"More children, Esther!" said Ada.
"I don't mean literally a child," pursued Mr. Jarndyce; "not a child in years. He is grown up — he is at least as old as I am — but in simplicity, and freshness, and enthusiasm, and a fine guileless inaptitude for all worldly affairs, he is a perfect child."
We felt that he must be very interesting.
"He knows Mrs. Jellyby," said Mr. Jarndyce. "He is a musical man, an amateur, but might have been a professional. He is an artist too, an amateur, but might have been a professional. He is a man of attainments and of captivating manners. He has been unfortunate in his affairs, and unfortunate in his pursuits, and unfortunate in his family; but he don't care — he's a child!"
"Did you imply that he has children of his own, sir?" inquired Richard.
"Yes, Rick! Half-a-dozen. More! Nearer a dozen, I should think. But he has never looked after them. How could he? He wanted somebody to look after HIM. He is a child, you know!" said Mr. Jarndyce.
"And have the children looked after themselves at all, sir?" inquired Richard.
"Why, just as you may suppose," said Mr. Jarndyce, his countenance suddenly falling. "It is said that the children of the very poor are not brought up, but dragged up. Harold Skimpole's children have tumbled up somehow or other. The wind's getting round again, I am afraid. I feel it rather!"
Richard observed that the situation was exposed on a sharp night.
"It IS exposed," said Mr. Jarndyce. "No doubt that's the cause. Bleak House has an exposed sound. But you are coming my way. Come along!"

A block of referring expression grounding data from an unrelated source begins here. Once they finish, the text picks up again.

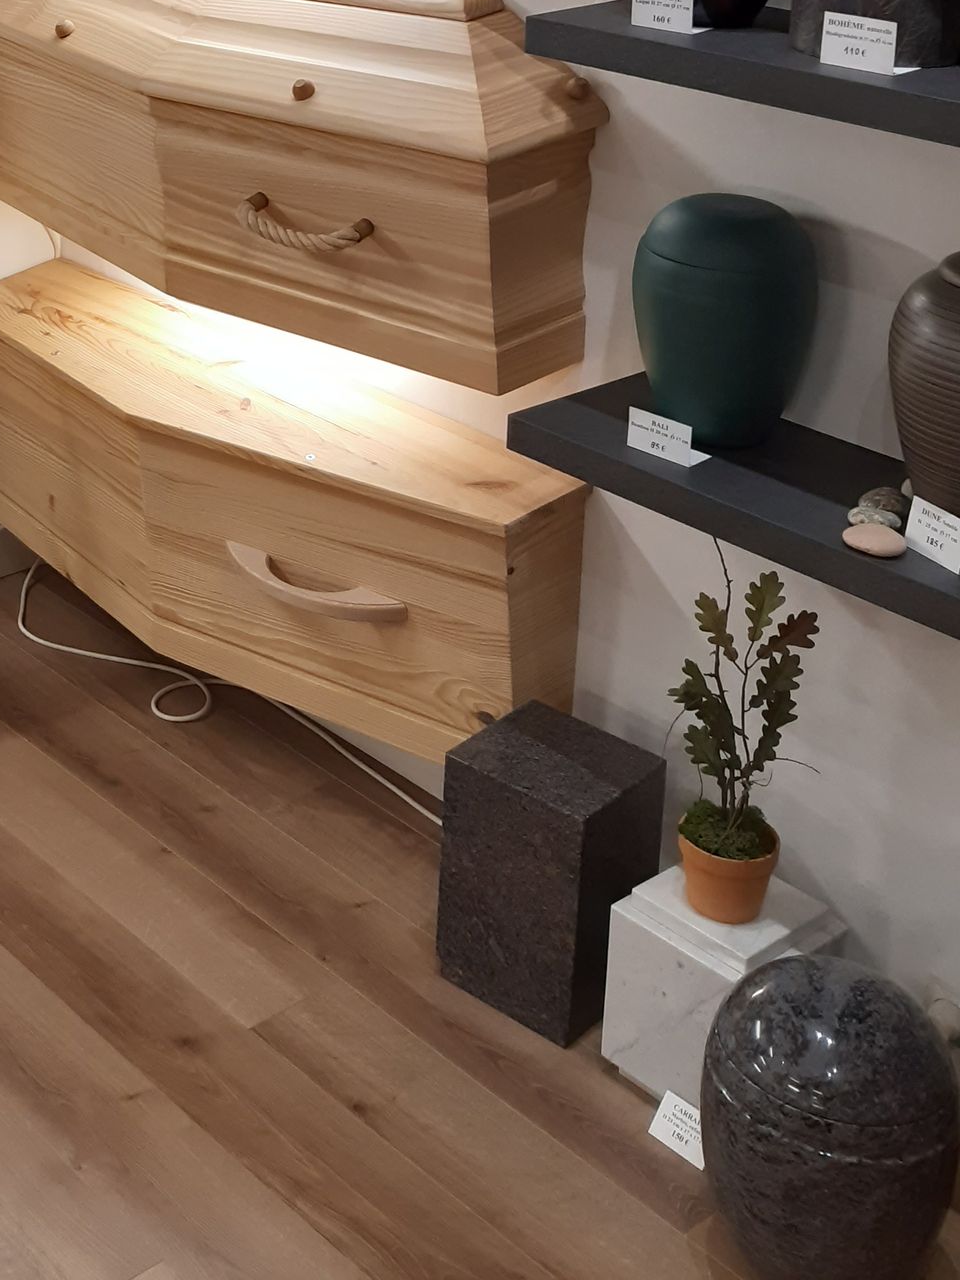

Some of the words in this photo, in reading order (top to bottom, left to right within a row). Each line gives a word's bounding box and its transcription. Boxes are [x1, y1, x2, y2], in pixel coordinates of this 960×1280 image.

[652, 14, 666, 24] 160
[666, 16, 672, 25] €
[843, 46, 860, 56] 110
[651, 419, 669, 431] BALI
[921, 507, 943, 524] DUNE
[671, 1129, 685, 1143] 150
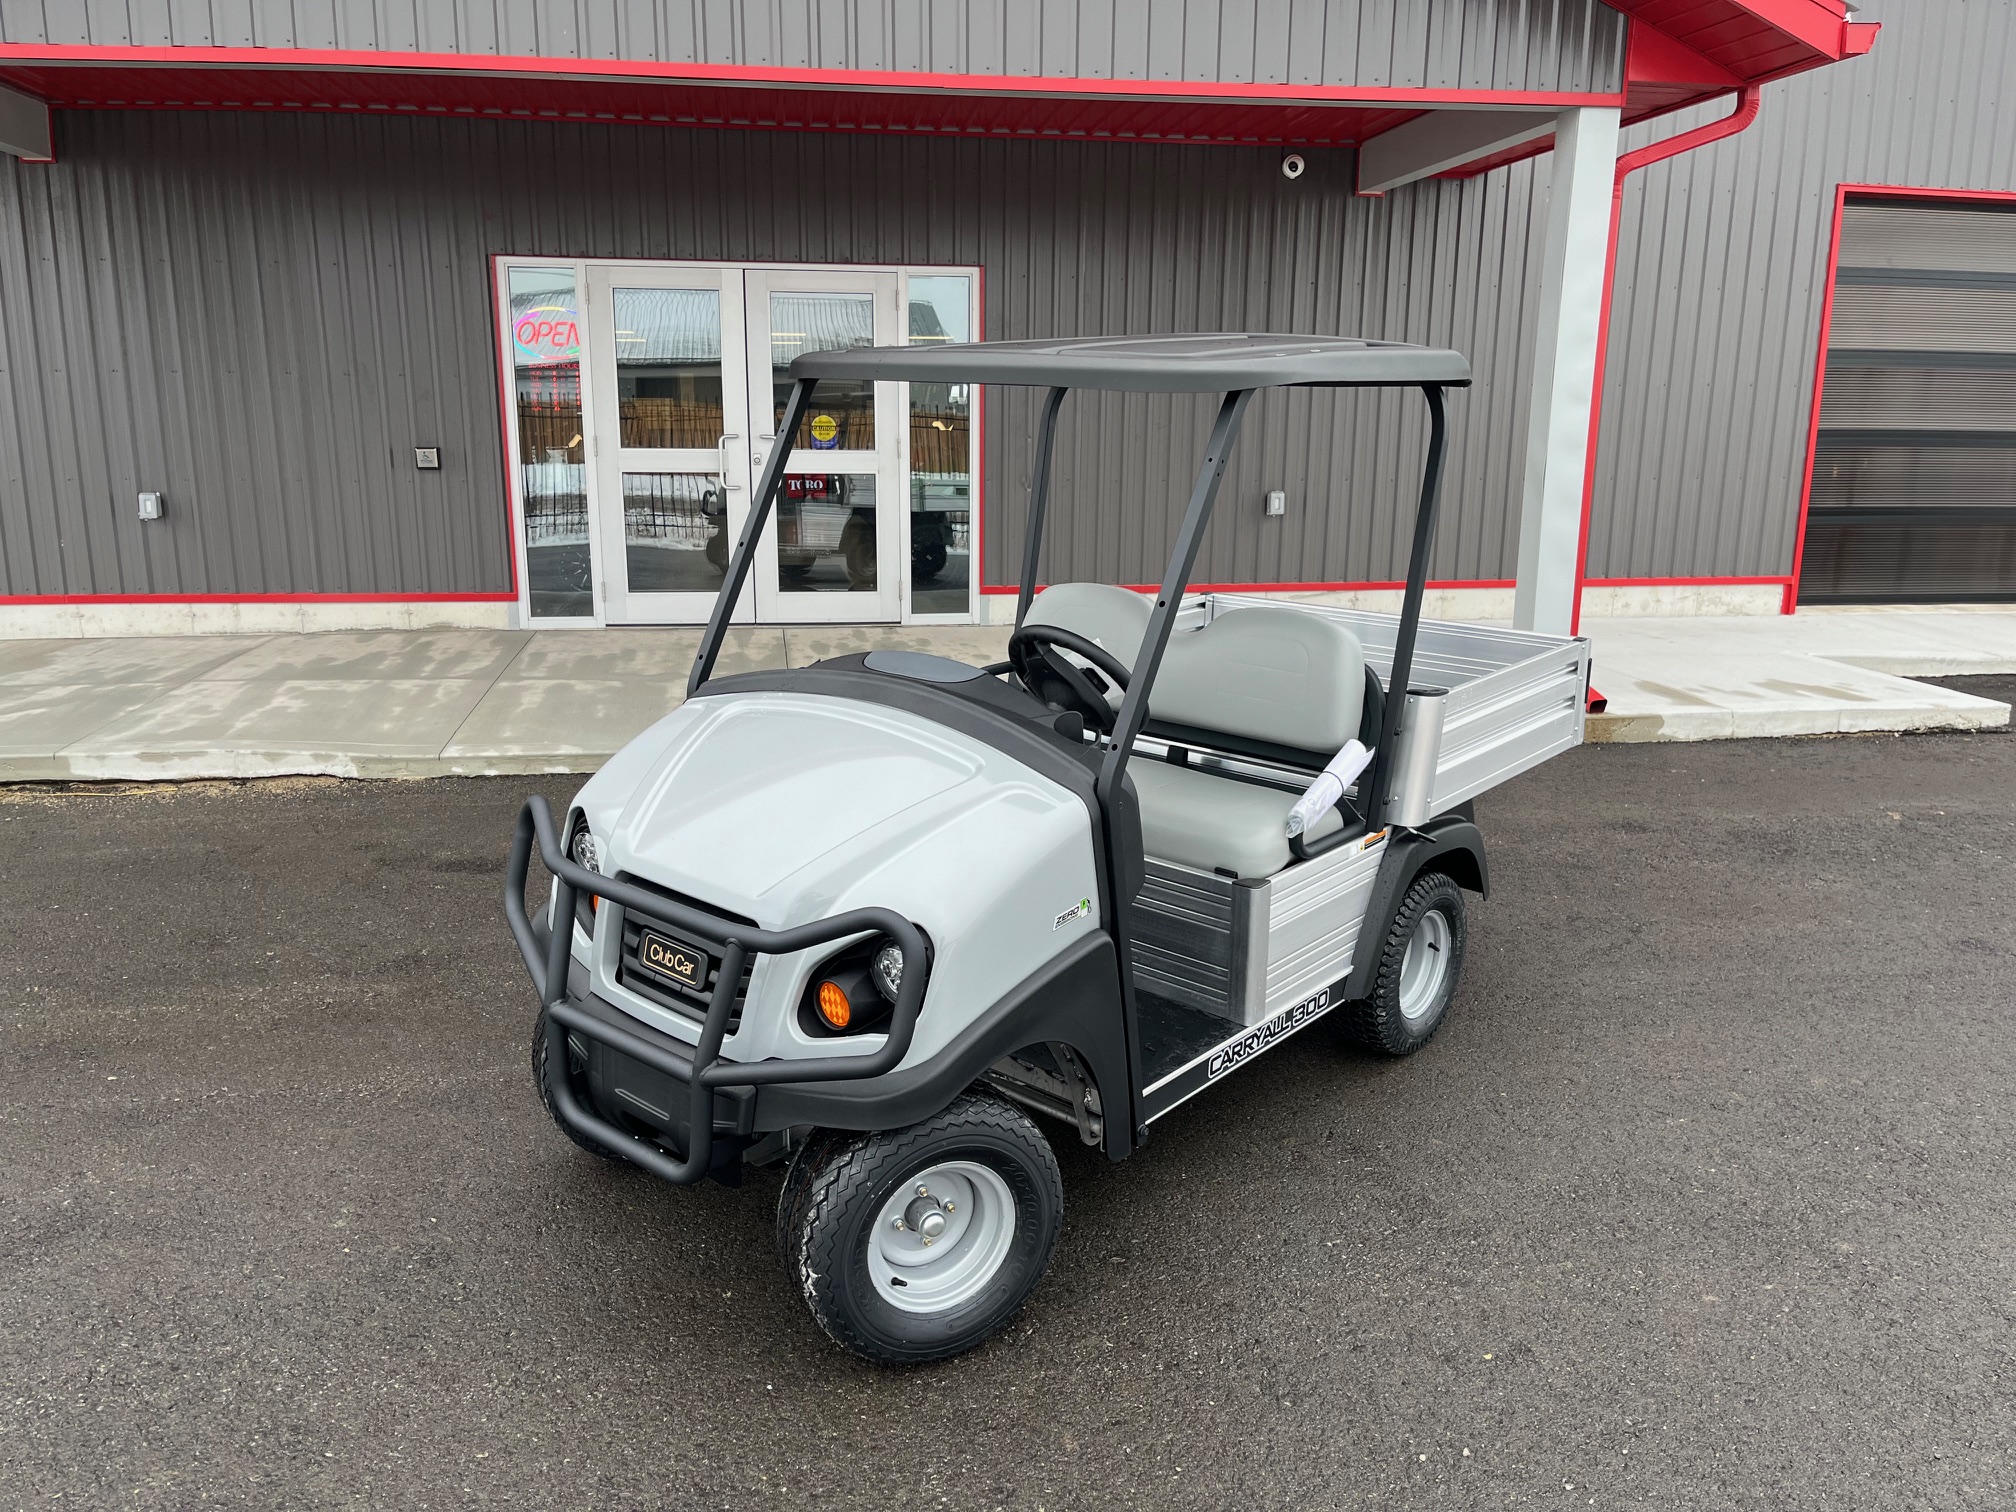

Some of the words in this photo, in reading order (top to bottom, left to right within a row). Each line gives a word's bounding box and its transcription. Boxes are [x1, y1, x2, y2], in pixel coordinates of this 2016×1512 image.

[517, 320, 580, 347] OPEN
[1056, 905, 1080, 925] ZERO
[650, 944, 674, 967] Club
[674, 954, 695, 975] Car
[1208, 1014, 1291, 1078] CARRYALL
[1292, 988, 1330, 1027] 300
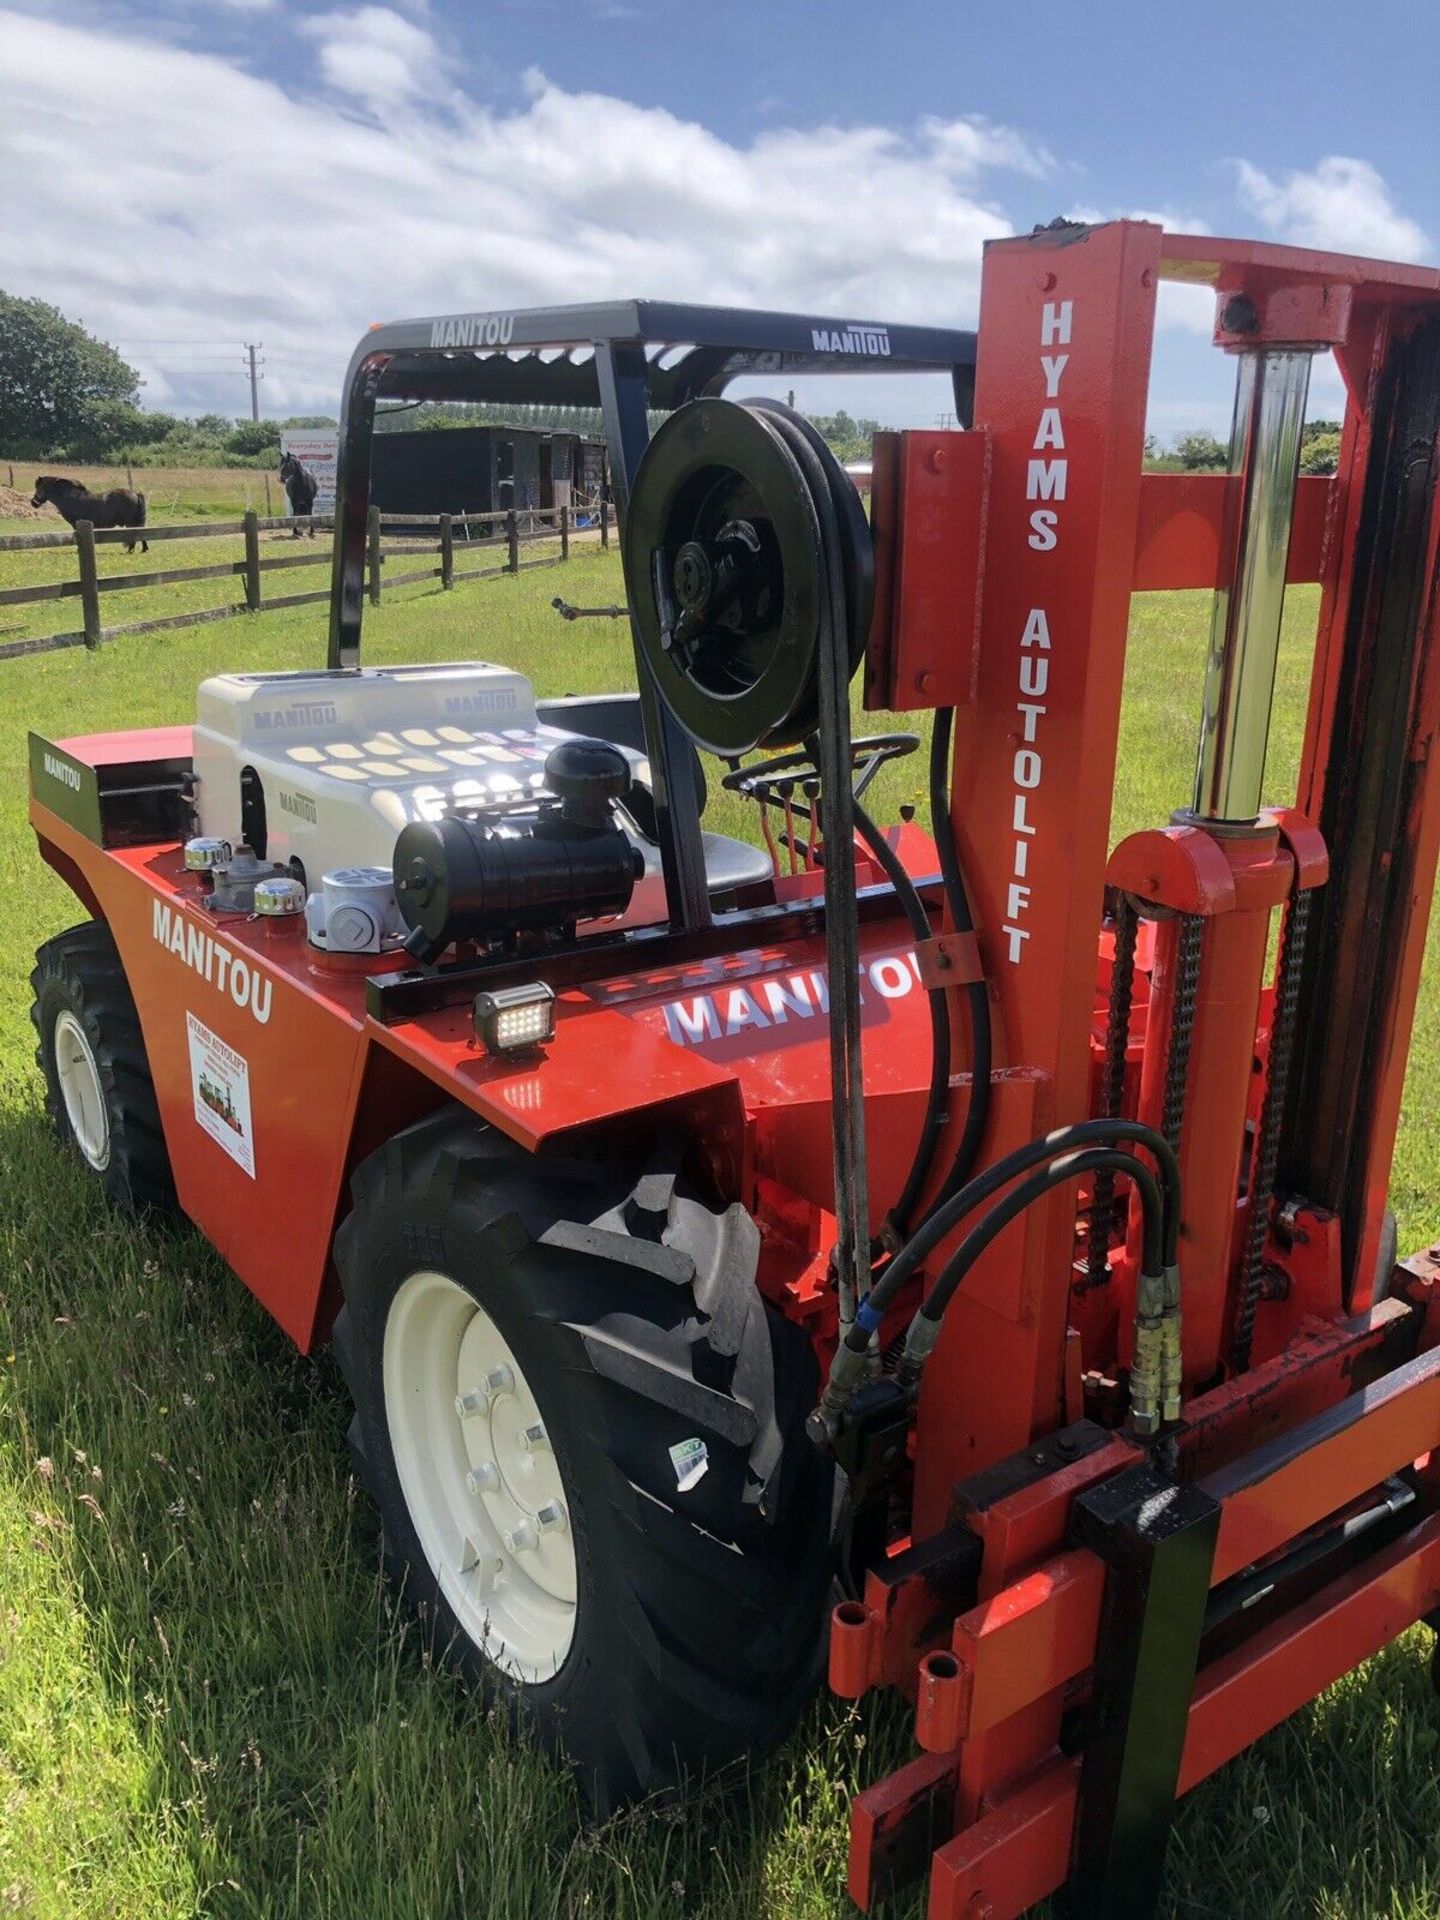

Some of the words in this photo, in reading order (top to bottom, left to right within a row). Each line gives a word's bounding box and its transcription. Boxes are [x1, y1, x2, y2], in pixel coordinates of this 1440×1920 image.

[430, 316, 515, 348] MANITOU
[811, 325, 891, 356] MANITOU
[1026, 301, 1074, 551] HYAMS
[254, 700, 337, 730] MANITOU
[445, 688, 518, 713] MANITOU
[44, 752, 81, 792] MANITOU
[1002, 608, 1051, 964] AUTOLIFT
[279, 792, 318, 825] MANITOU
[153, 898, 273, 1024] MANITOU
[662, 951, 923, 1047] MANIO

Our luggage having arrived and being all at hand, I was dressed in a few minutes and engaged in putting my worldly goods away when a maid (not the one in attendance upon Ada, but another, whom I had not seen) brought a basket into my room with two bunches of keys in it, all labelled.
"For you, miss, if you please," said she.
"For me?" said I.
"The housekeeping keys, miss."
I showed my surprise, for she added with some little surprise on her own part, "I was told to bring them as soon as you was alone, miss. Miss Summerson, if I don't deceive myself?"
"Yes," said I. "That is my name."
"The large bunch is the housekeeping, and the little bunch is the cellars, miss. Any time you was pleased to appoint to-morrow morning, I was to show you the presses and things they belong to."
I said I would be ready at half-past six, and after she was gone, stood looking at the basket, quite lost in the magnitude of my trust. Ada found me thus and had such a delightful confidence in me when I showed her the keys and told her about them that it would have been insensibility and ingratitude not to feel encouraged. I knew, to be sure, that it was the dear girl's kindness, but I liked to be so pleasantly cheated.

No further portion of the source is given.